Von der malerischen Ausstattung großer Dome sind infolge häufigerer Veränderungen nur sehr spärliche Reste erhalten. Es ist davon auszugehen, dass frühe Wandmalereien nur dort erhalten sind, wo der geistige Drang und die wirtschaftlichen Möglichkeiten zu Umbaumaßnahmen am wenigsten möglich waren. Gut erhaltenen Beispiele finden sich daher öfter in kleinen Kirchenräumen und Krypten.
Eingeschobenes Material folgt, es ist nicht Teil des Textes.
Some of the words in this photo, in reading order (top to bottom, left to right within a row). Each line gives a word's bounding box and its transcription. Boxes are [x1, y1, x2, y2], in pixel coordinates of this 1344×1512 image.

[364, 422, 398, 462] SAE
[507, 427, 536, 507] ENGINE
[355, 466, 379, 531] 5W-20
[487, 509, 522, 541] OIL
Sicherlich viele glücklichen Fügungen müssen zusammengekommen sein, dass es uns heute, nach etwa 600 Jahren, immer noch möglich ist, Eindrücke davon zu erhalten, was uns die bisher nicht bekannte Hand in Stauheim erzählen will. So hat es wohl bis zum Ende des 17. Jahrhunderts gedauert bis die Kirche erstmals umgebaut worden ist. Dabei wurde das Kirchenschiff erhöht und mit Stuck versehen. Sowohl durch die Veränderung des Chorbogens, als auch durch die Vergrößerung der Fenster im Chor wurden randliche Teile der Malereien abgetrennt. Danach wird nur noch von einer Beschädigung durch den Artillerieangriff im Jahre 1945 berichtet, bei dem aber eher der Hochaltar betroffen war.
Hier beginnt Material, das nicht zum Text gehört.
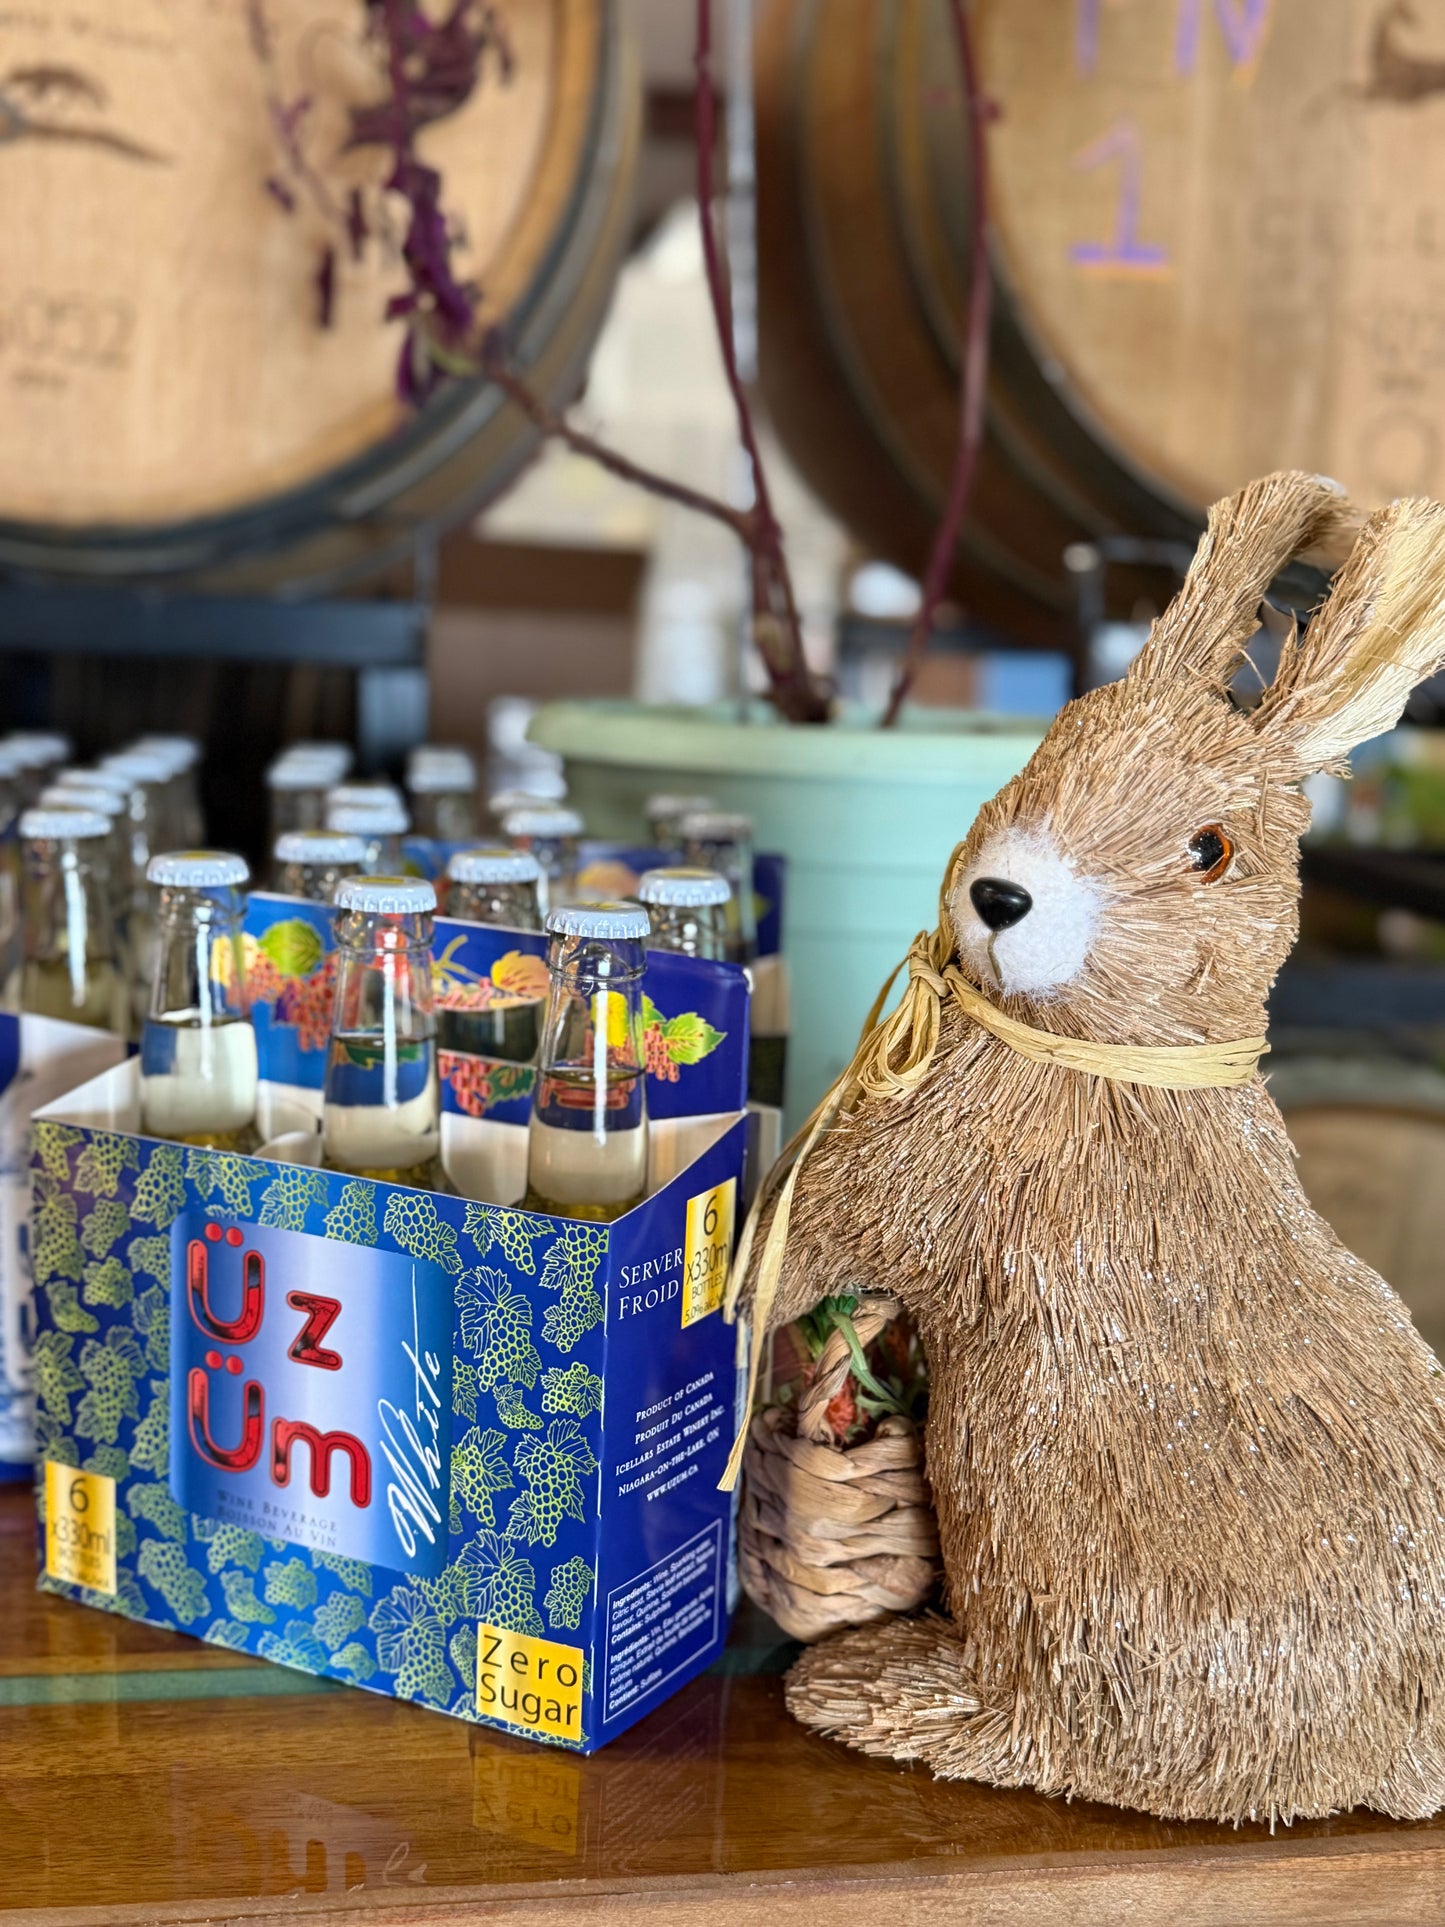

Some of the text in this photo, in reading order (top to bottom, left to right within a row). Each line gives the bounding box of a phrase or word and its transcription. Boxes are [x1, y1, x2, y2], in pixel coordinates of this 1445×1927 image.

[1068, 118, 1170, 270] 1
[703, 1194, 718, 1236] 6
[619, 1248, 683, 1288] SERVER
[618, 1279, 679, 1321] FROID
[379, 1263, 441, 1557] White
[634, 1419, 669, 1445] PRODUIT
[685, 1393, 713, 1415] CANADA
[635, 1396, 672, 1423] PRODUCT
[686, 1372, 714, 1394] CANADA
[615, 1450, 654, 1476] ICELLARS
[656, 1432, 682, 1455] ESTATE
[70, 1478, 89, 1513] 6
[263, 1501, 338, 1532] BEVERAGE
[482, 1634, 577, 1687] Zero
[480, 1673, 578, 1725] Sugar
Die Malereien waren bis 1929 unter einer Putzschicht verdeckt. In wie weit die Überputzung der Malereien mit dem Glaubenskrieg (Protestanten, Ottheinrich, Neuburg 1543) zu tun hat, kann nur vermutet werden. Freigelegt  wurden sie nach eigener Aussage vom Burgheimer Malermeister Müller. Die Überputzungen wurden dabei abgeklopft und von einem nicht mehr bekannten Kirchenmaler retuschiert. 1936 wurden sie konserviert, weitere Freilegungen erfolgten 1948.
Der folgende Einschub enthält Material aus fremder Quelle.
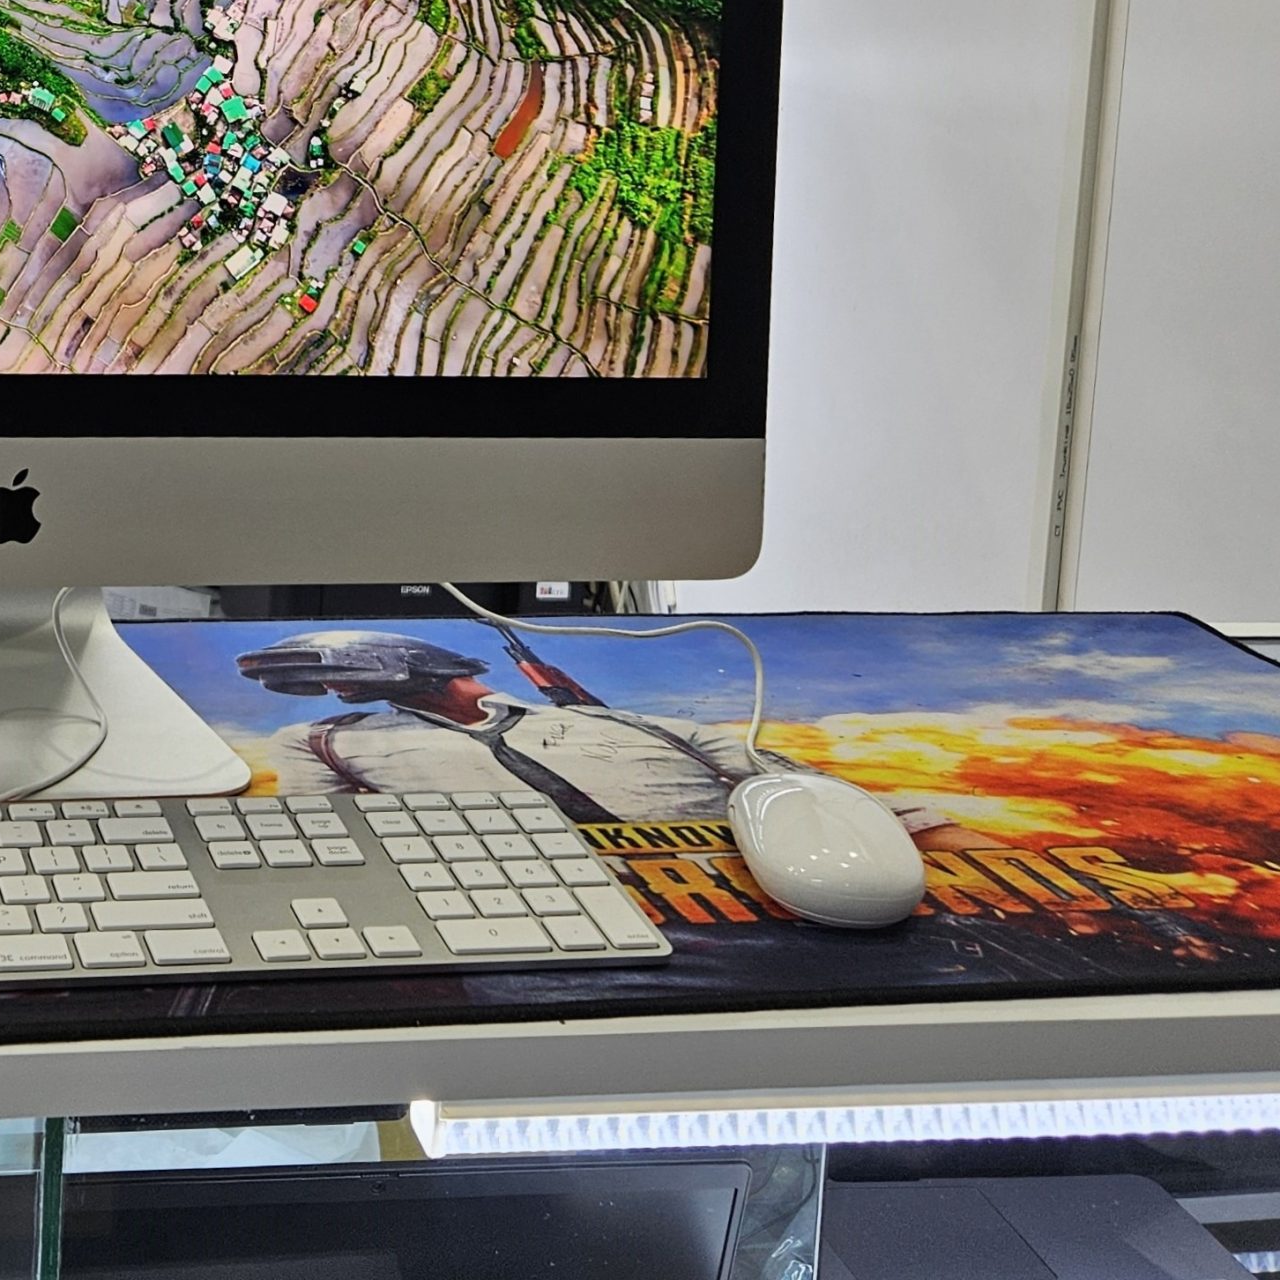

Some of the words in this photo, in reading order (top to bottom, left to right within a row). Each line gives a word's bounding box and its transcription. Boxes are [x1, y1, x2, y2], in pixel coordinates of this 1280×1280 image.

[400, 585, 430, 595] EPSON
[493, 897, 504, 906] 2
[546, 894, 556, 903] 3
[488, 927, 499, 937] 0
[19, 953, 68, 962] command
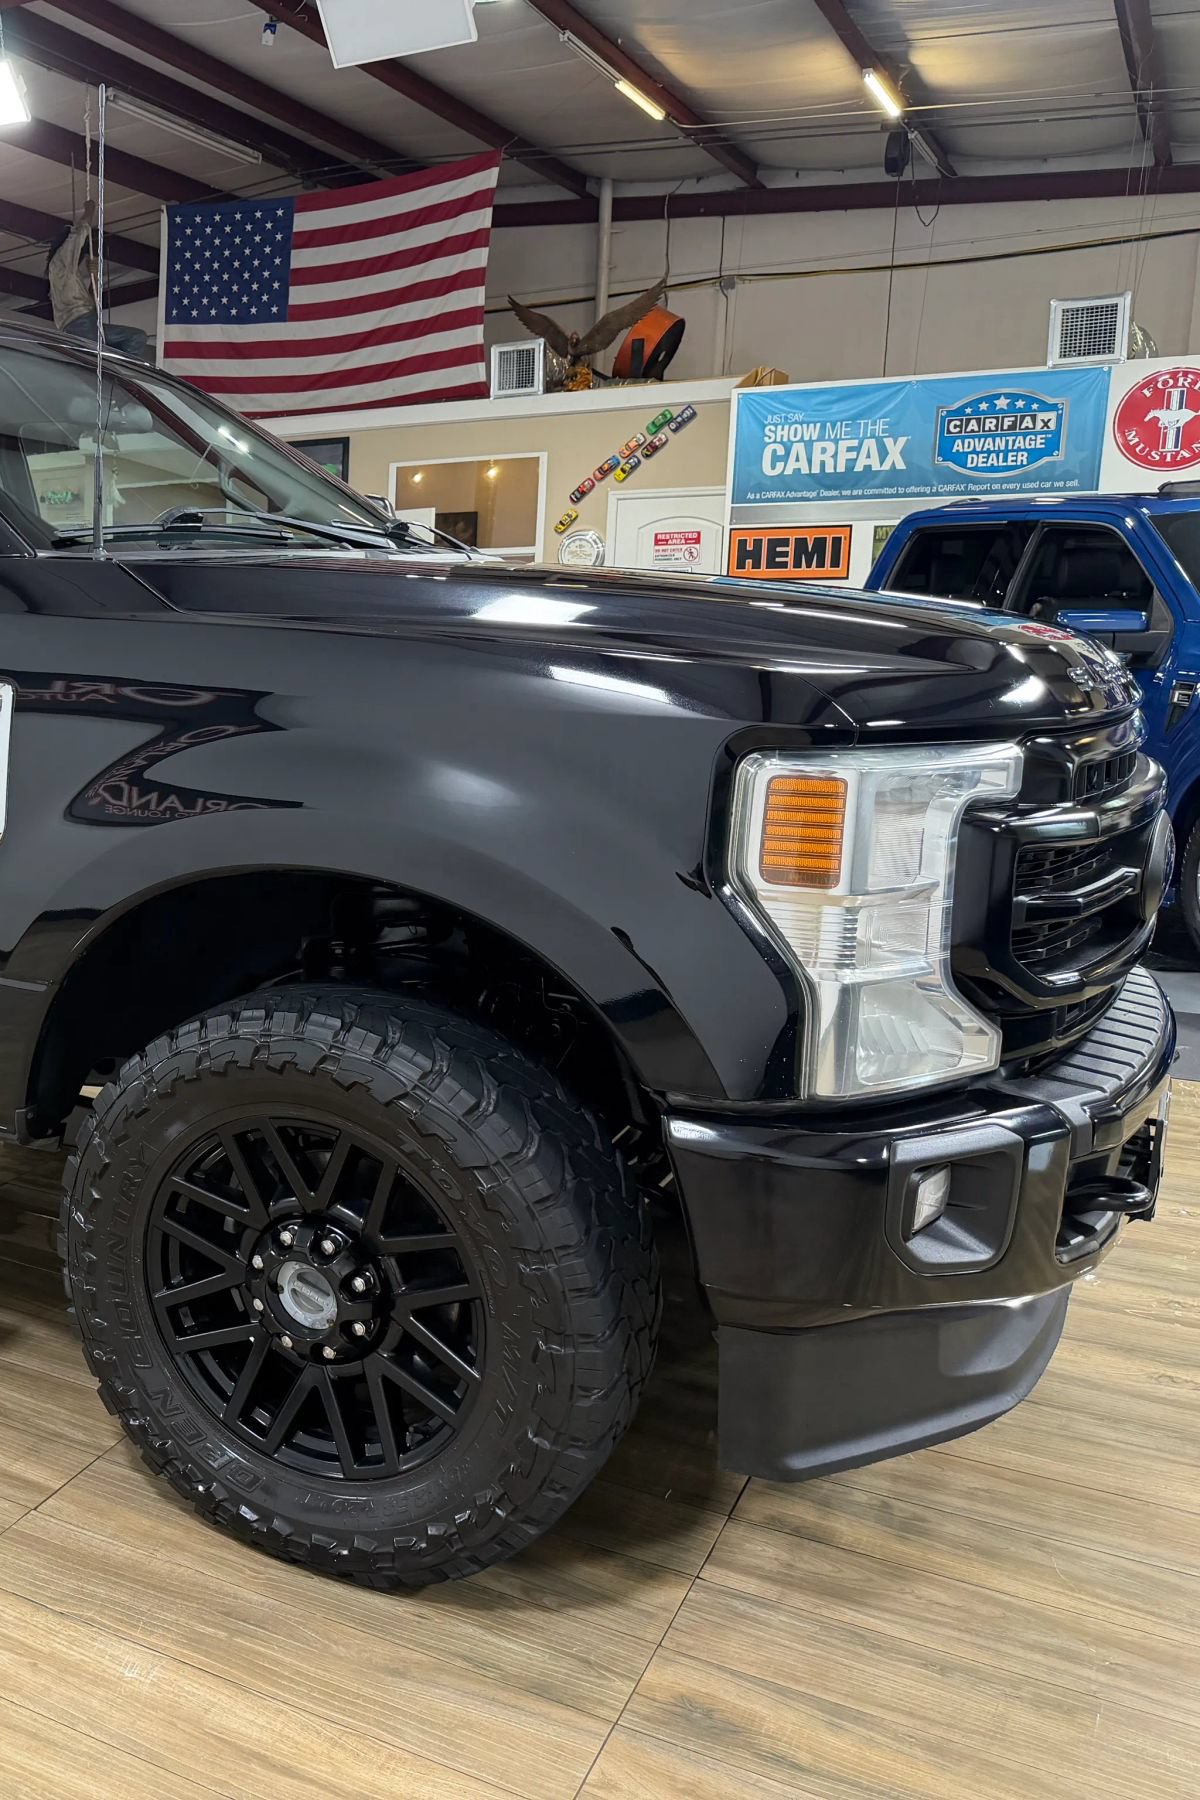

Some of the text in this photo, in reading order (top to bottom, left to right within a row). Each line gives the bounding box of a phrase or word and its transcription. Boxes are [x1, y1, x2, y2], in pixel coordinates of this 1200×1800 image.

[763, 412, 804, 424] JUST SAY
[949, 416, 1053, 434] CARFAX
[763, 418, 890, 443] SHOW ME THE
[951, 434, 1046, 453] ADVANTAGE
[762, 436, 907, 476] CARFAX
[966, 451, 1029, 468] DEALER
[863, 487, 897, 495] committed
[905, 485, 931, 493] offering
[967, 483, 990, 491] Report
[1002, 482, 1020, 490] every
[1022, 481, 1039, 489] used
[1065, 479, 1080, 487] sell.
[735, 535, 843, 571] HEMI
[150, 1386, 266, 1493] OPEN
Bei der Befunduntersuchung durch Kirchenmaler Blöchl im Jahr 1989 wurden auch an den Wänden des Kirchenschiffes Fresken gefunden, die im Farbton mit denen im Chor identisch sind. Zur Feststellung der Thematik der Malerei müsste wesentlich mehr geöffnet werden, was aber nicht unproblematisch ist, da spätere Bemalungen, die ebenfalls aufgefunden wurden damit zerstört werden. Über den gotischen Malereien befinden sich Farbschichten mit rötlichem Ocker, darüber wiederum ist deutlich eine Fassung des Historismus ablesbar. Bei der Untersuchung sind zahlreiche Sondagen durchgeführt worden. Bis auf eine Stelle an der Nordseite sind an allen anderen Proben die Malereien und die Farbfolge identisch zu belegen. Wir dürfen uns also unter den weißen Außenwänden ein vollständig ausgemaltes Kirchenschiff vorstellen.

Dafür, dass auch heute ein Teil der kunstgeschichtlich höchst interessanten Bilderserie in der ursprünglichen Ausdruckskraft betrachtet werden kann, sind die Entscheidungsträger der vergangenen Kirchenrenovierung verantwortlich.